Vital Xposure describe themselves as, “a disabled-led touring theatre company that promotes hidden voices with extraordinary stories to tell… All our work presents an inclusive experience where access issues do not intrude upon the aesthetic of the productions.”

I was lucky enough to interview the company’s founder, Julie McNamara, who led the company’s creative work for the its first 10 years and its new director actor, playwright and activist, Simon Startin.

Leslie to Julie: Can you give us an overview of the performances Vital Xposure have put on, please, including a description of some of ‘the hidden voices with incredible stories to tell from the periphery of our communities’ who you’ve featured?
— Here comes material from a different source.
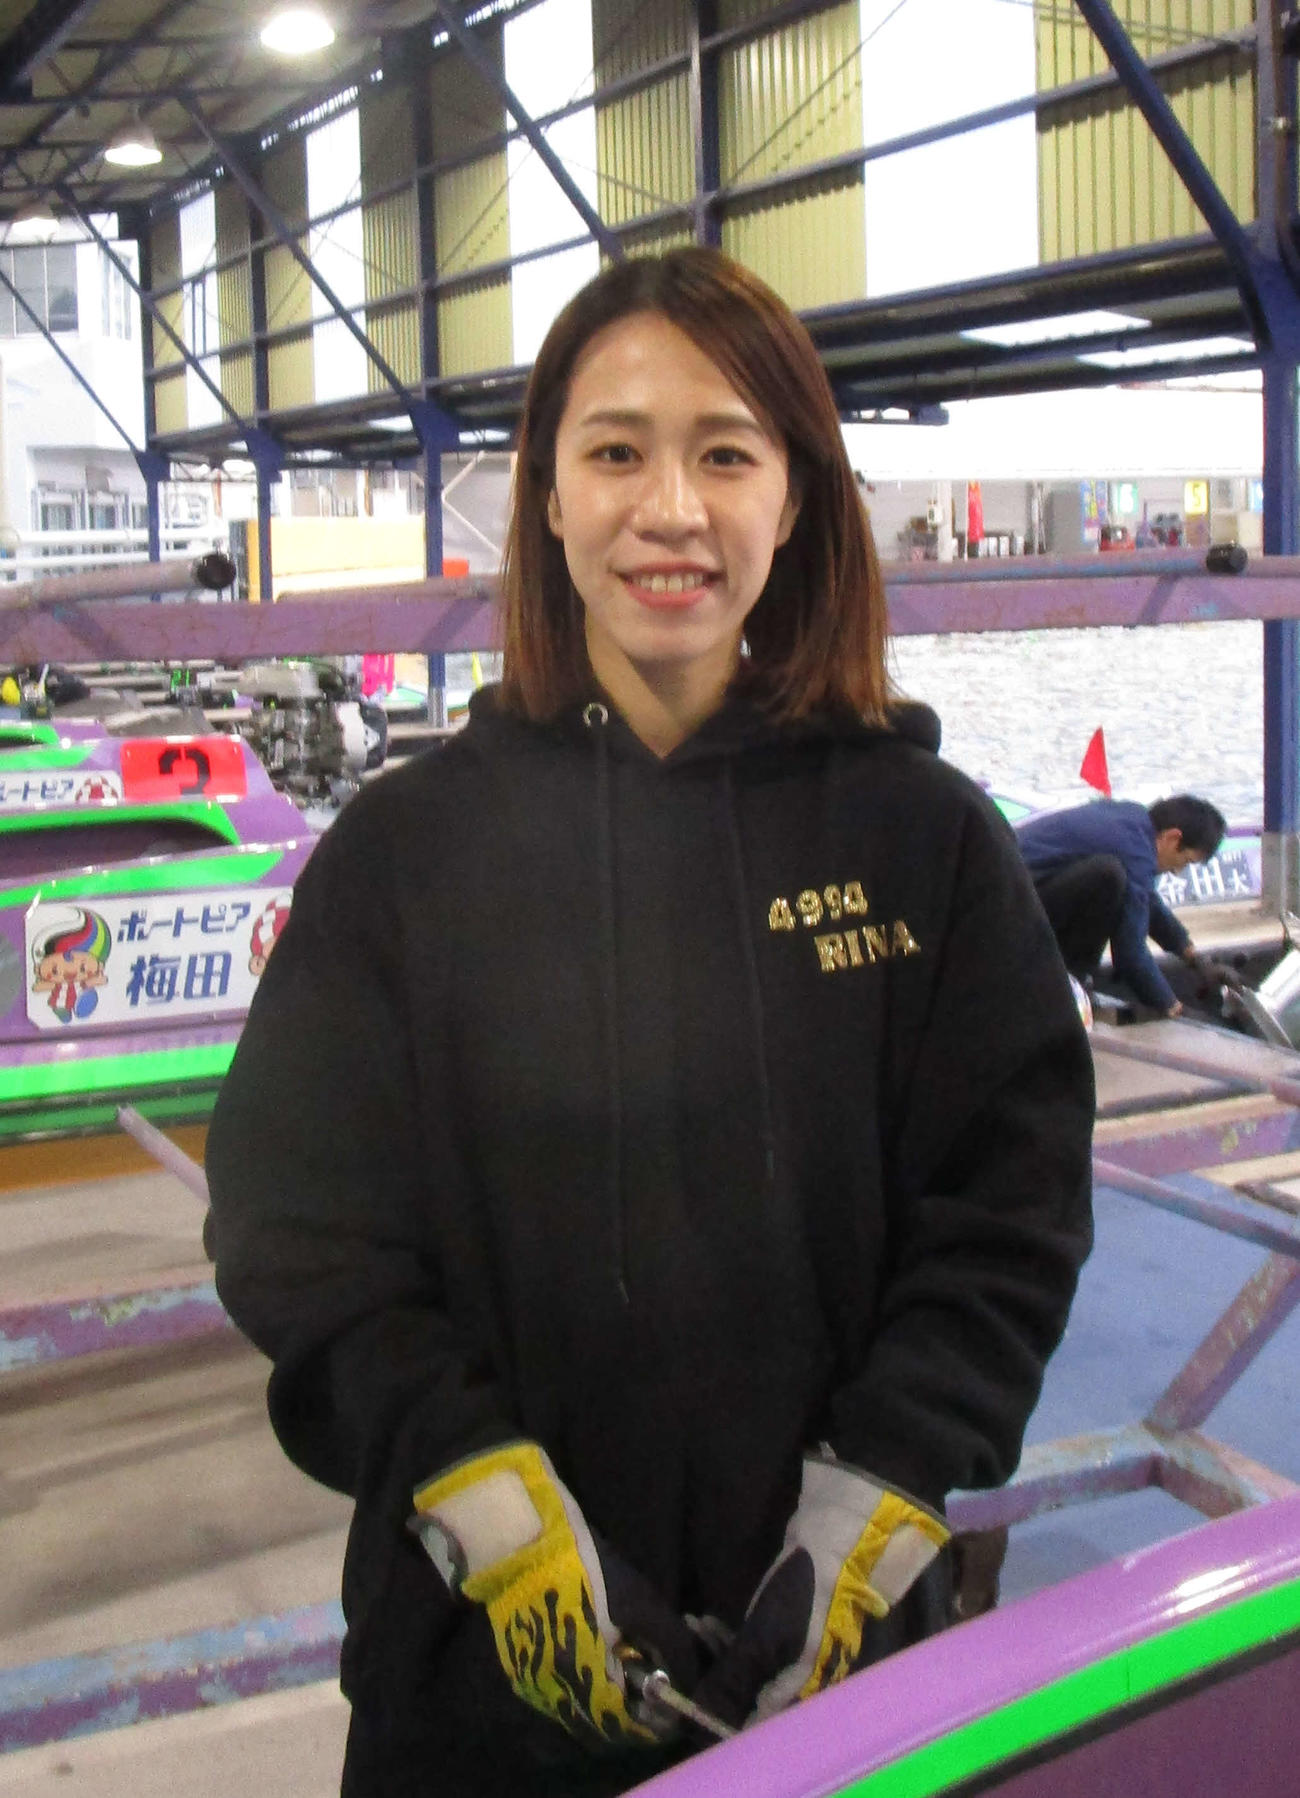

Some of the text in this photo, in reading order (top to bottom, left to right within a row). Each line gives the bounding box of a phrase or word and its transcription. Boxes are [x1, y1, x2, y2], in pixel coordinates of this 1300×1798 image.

[116, 902, 252, 943] ボートピア
[768, 880, 869, 931] 4994
[814, 919, 922, 973] RINA
[126, 951, 232, 1007] 梅田
Vital Xposure: Crossings Image by Jon Stone

Julie: I had just gained the South Bank Show Award for Diversity, following work on a production called: Crossings, which focused on forced migration and sexual slavery at the foundations of our metropolitan cities. I was born in Merseyside and the city of Liverpool was one of the key ports in the slave trade. Crossings brought together stories from International slavery Museum in Liverpool, from the walls of Te Papa in Wellington, New Zealand, Petone Settlers Museum with the voices of young girls in gangs on Liverpool docks. The voices I had written from stay with me even now. Museums are filled with the stories of voices that have been erased, neglected or disavowed. I am particularly interested in unearthing the stories we rarely, if ever hear. Sometimes an unopened letter, a discovered diary, an overlooked entry in a book, an old recording is all it takes to spark an idea.
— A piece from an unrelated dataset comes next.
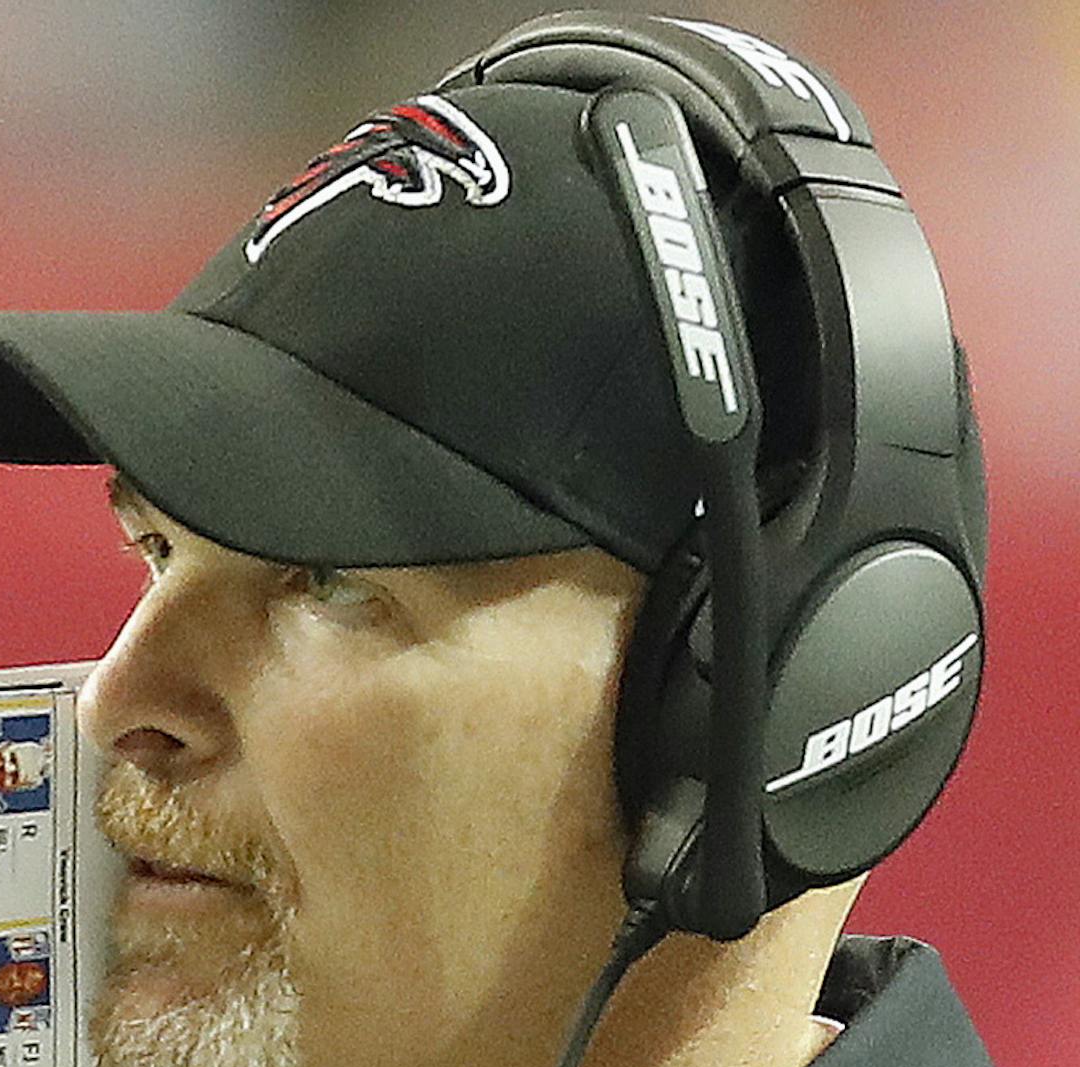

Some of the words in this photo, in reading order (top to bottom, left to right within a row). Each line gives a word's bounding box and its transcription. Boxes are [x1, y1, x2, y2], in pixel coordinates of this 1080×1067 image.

I was in the process of writing The Knitting Circle in 2010 when the landscape of the arts was changing here in England and I began working with Arts Consultant and Theatre Producer, Isobel Hawson to build a touring theatre company. Back in 2010, I was in a unique position as a regularly funded individual artist of Arts Council England and that was about to change. We worked together to put systems and policies in place, to build a robust disability-led company that would be driven by social justice. It was our mission to centre excluded voices, people marginalised from the political periphery. We then registered that company at the beginning of January 2011.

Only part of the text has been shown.